Vilar: State park police need protecting, too
Over the past few nights you can sense the change of season in the air, but memories of a busy summer are still fresh.
Recently, Rose Harvey, commissioner of the state's Office of Parks, Recreation & Historic Preservation, announced that New York's vast network of beaches, historic sites and recreation facilities have been flooded with families, sportsmen and history buffs, with 43.7 million visitors by the end of August this year -- up 5.6 percent over 2011.
But there is another troubling story to be told. On any given day, when patrons may flock to Jones Beach, Sunken Meadow or Montauk Point, the State Park Police -- the women and men asked to protect the public, keep order and bring about emergency rescues -- are stretched to their limits. Officers are asked to patrol enormous swaths of territory without benefit of a partner, and prudent patrol-force ratios are not being met.
Since 2007, State Park Police have seen the size of the force diminish from 338 officers to 203, a 37 percent decrease. A typical eight-hour shift in the Long Island region -- the state's largest, with 27 park facilities -- is staffed year-round by just 37 officers and 11 sergeants.

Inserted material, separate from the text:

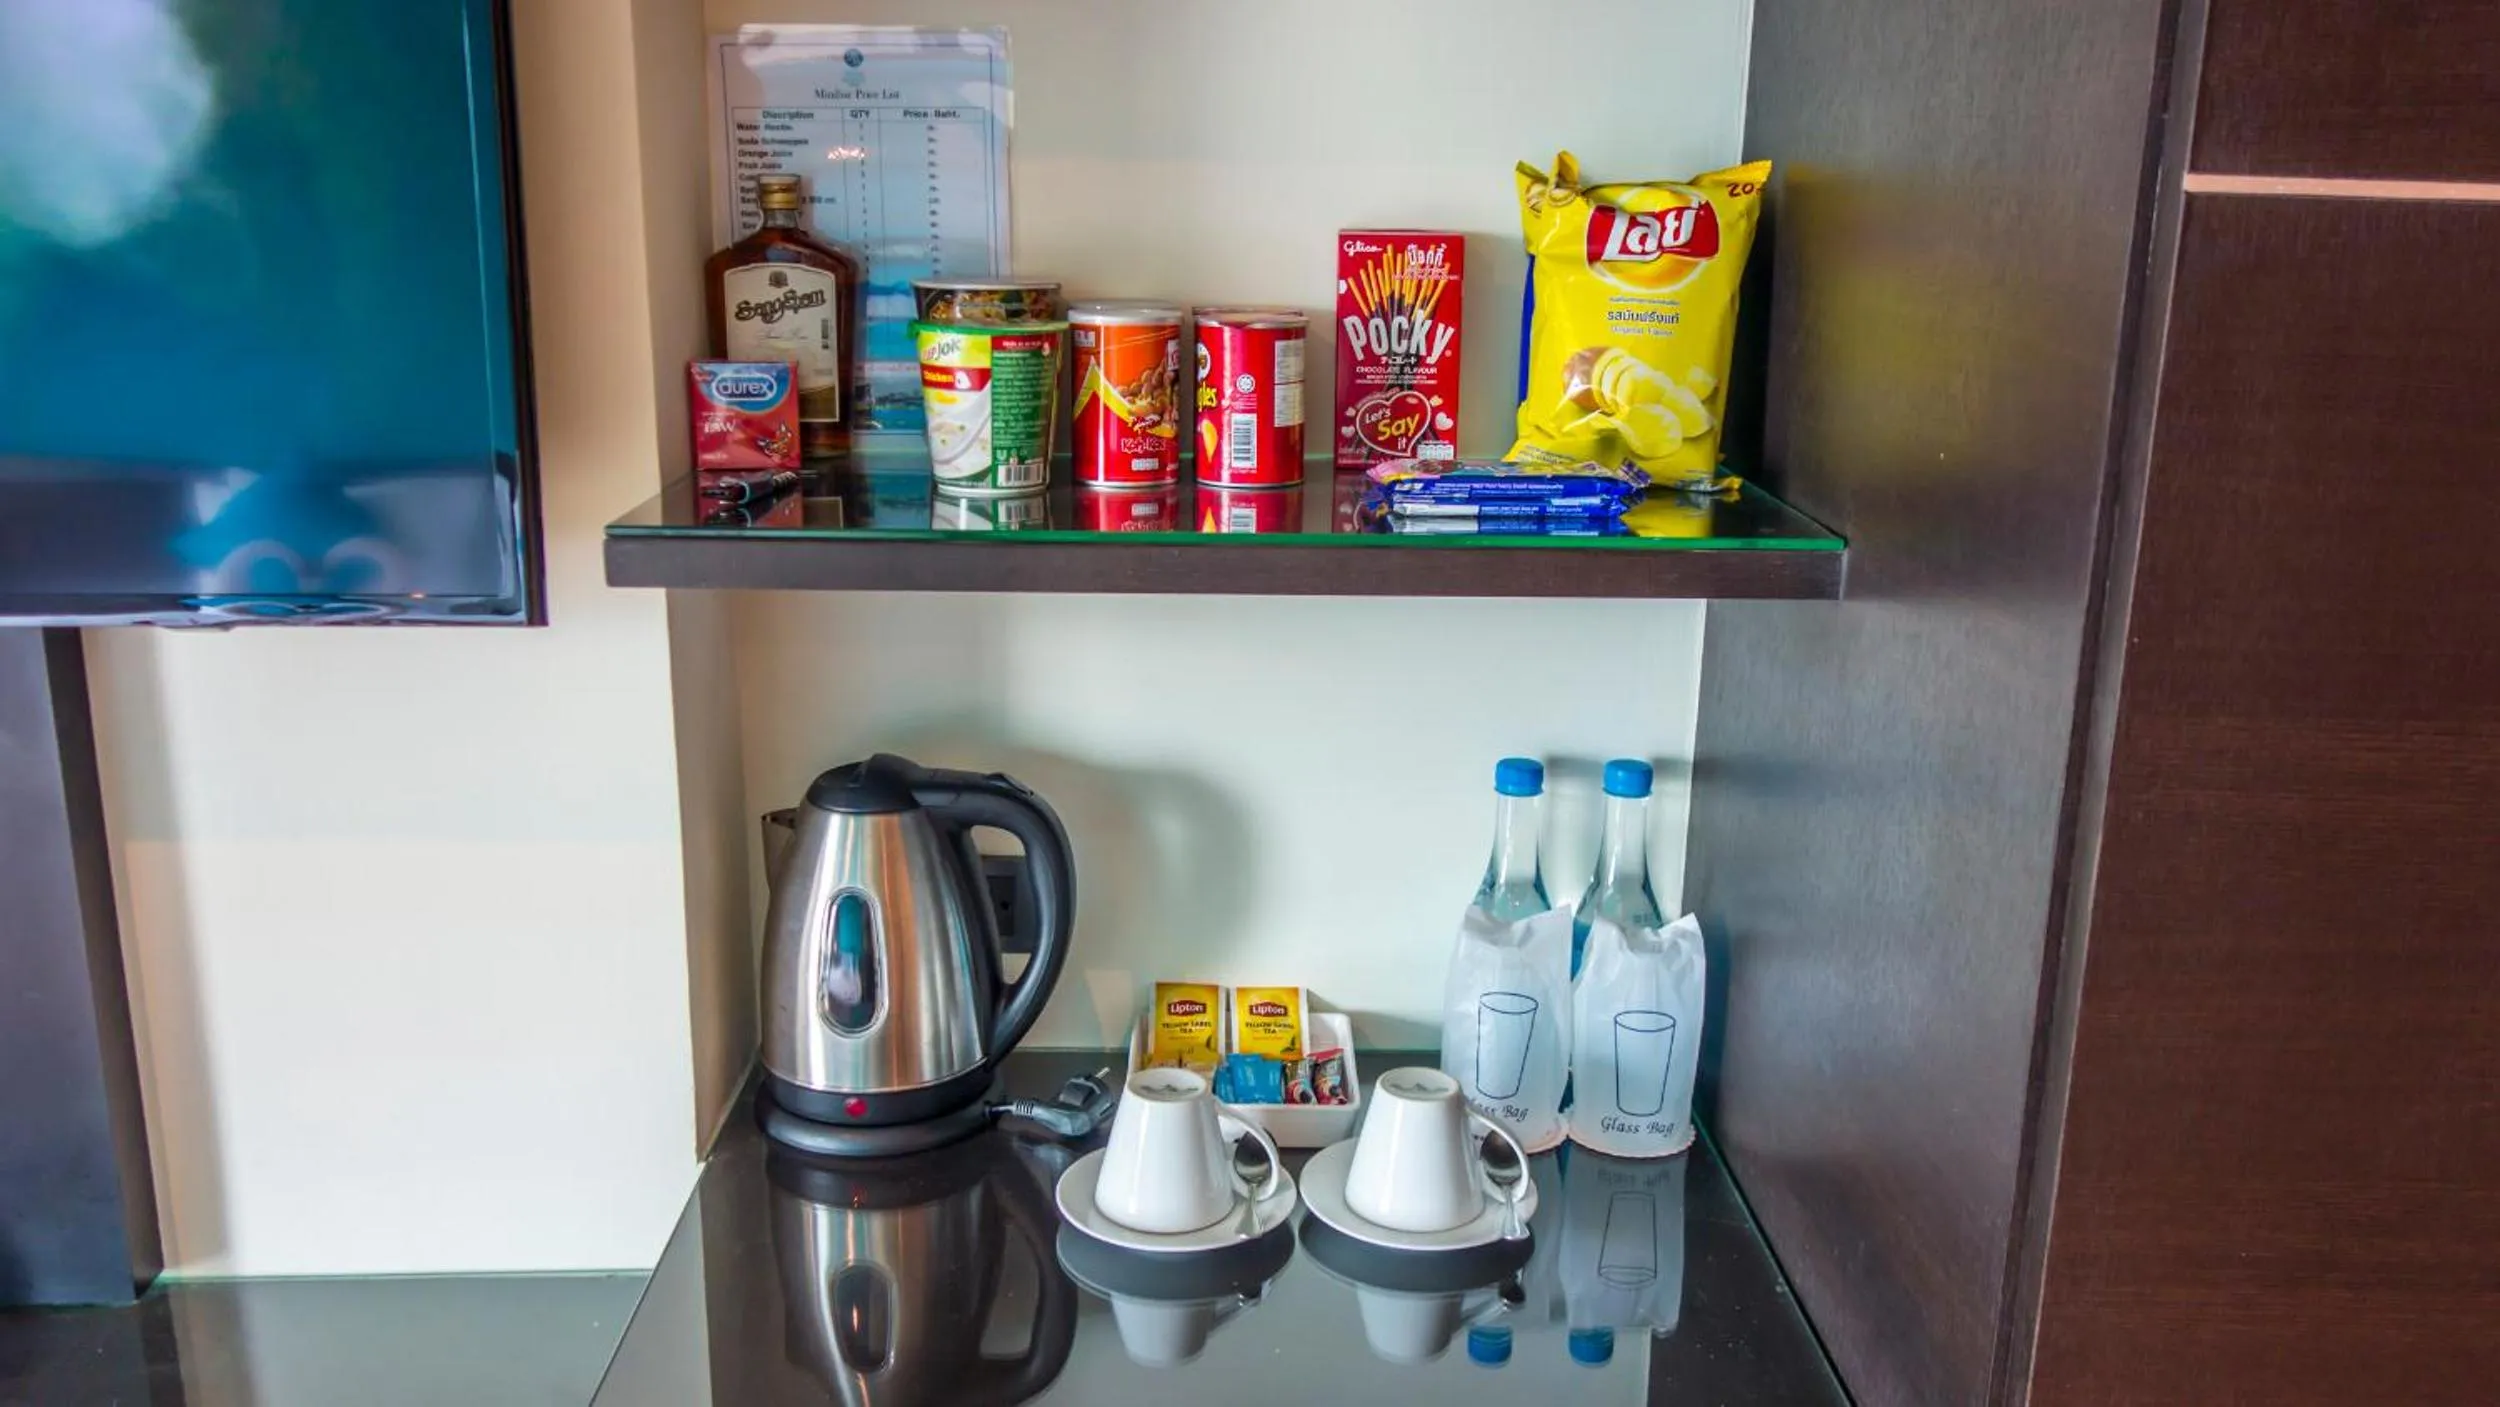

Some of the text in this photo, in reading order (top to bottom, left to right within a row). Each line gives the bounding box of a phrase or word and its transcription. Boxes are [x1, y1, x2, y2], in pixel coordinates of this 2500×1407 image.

This past season illustrates the inadequacies of this staffing level. On June 20, as the first of a series of heat waves hit Long Island, police officers were in peril and forced to call for emergency backup from local law enforcement while responding to an assault at Robert Moses State Park.
Upon arriving on the scene, the responding State Park Police officer discovered several intoxicated combatants involved in a melee. A stabbing resulted in the officer's exposure to blood from one of the subjects. The officer wasn't physically harmed during the incident, thankfully, but now he must undergo frequent tests to monitor his health. With appropriate staffing levels, this exposure might have been entirely avoided.
On Labor Day, a senior citizen sought the solitude of a morning of fly-fishing at Caleb Smith State Park. He then became the subject of a multiagency search. Miraculously -- after three days -- the 76-year-old man was discovered alive, and he is now recovering from the ordeal. But there are unanswered questions about how the operation was conducted. He was noted missing by park officials on Monday afternoon, but the immediate search was suspended hours after it began, as night fell. Officers were willing to work overtime to continue, using a night search protocol, but their superiors halted the efforts.
The state has recently committed to recruiting a limited number of new officers to the force this fall. But in the coming months, the force will continue to erode -- by as much as an additional 20 percent, by some estimates -- as many veteran officers will be eligible to retire. As a result, and despite the expected supplement of about 40 officers from a new academy class, we project that by the time blankets are spread on the beach next Fourth of July, there will be even fewer officers on duty than there were this year.
Recruiting officers is a long-term solution to systemic problem. But there are more immediate steps the state could take in the face of a smaller force to protect park police. State parks management should fulfill a cost-effective request, made by its police officers, to provide officers with Tasers -- a highly effective, nonlethal tool -- to safely control people whose behavior poses a significant public safety threat.
As the season changes to autumn this weekend, it's worth a pause to ask, during the offseason, what steps are the Cuomo administration taking to protect the State Park Police, and the millions of park patrons who look forward to safely enjoying Long Island's parks again when summer returns?
Manuel M. Vilar, a 28-year veteran of law enforcement, is president of the 1,100 member Police Benevolent Association of New York State, which represents the interests of State Park Police Officers.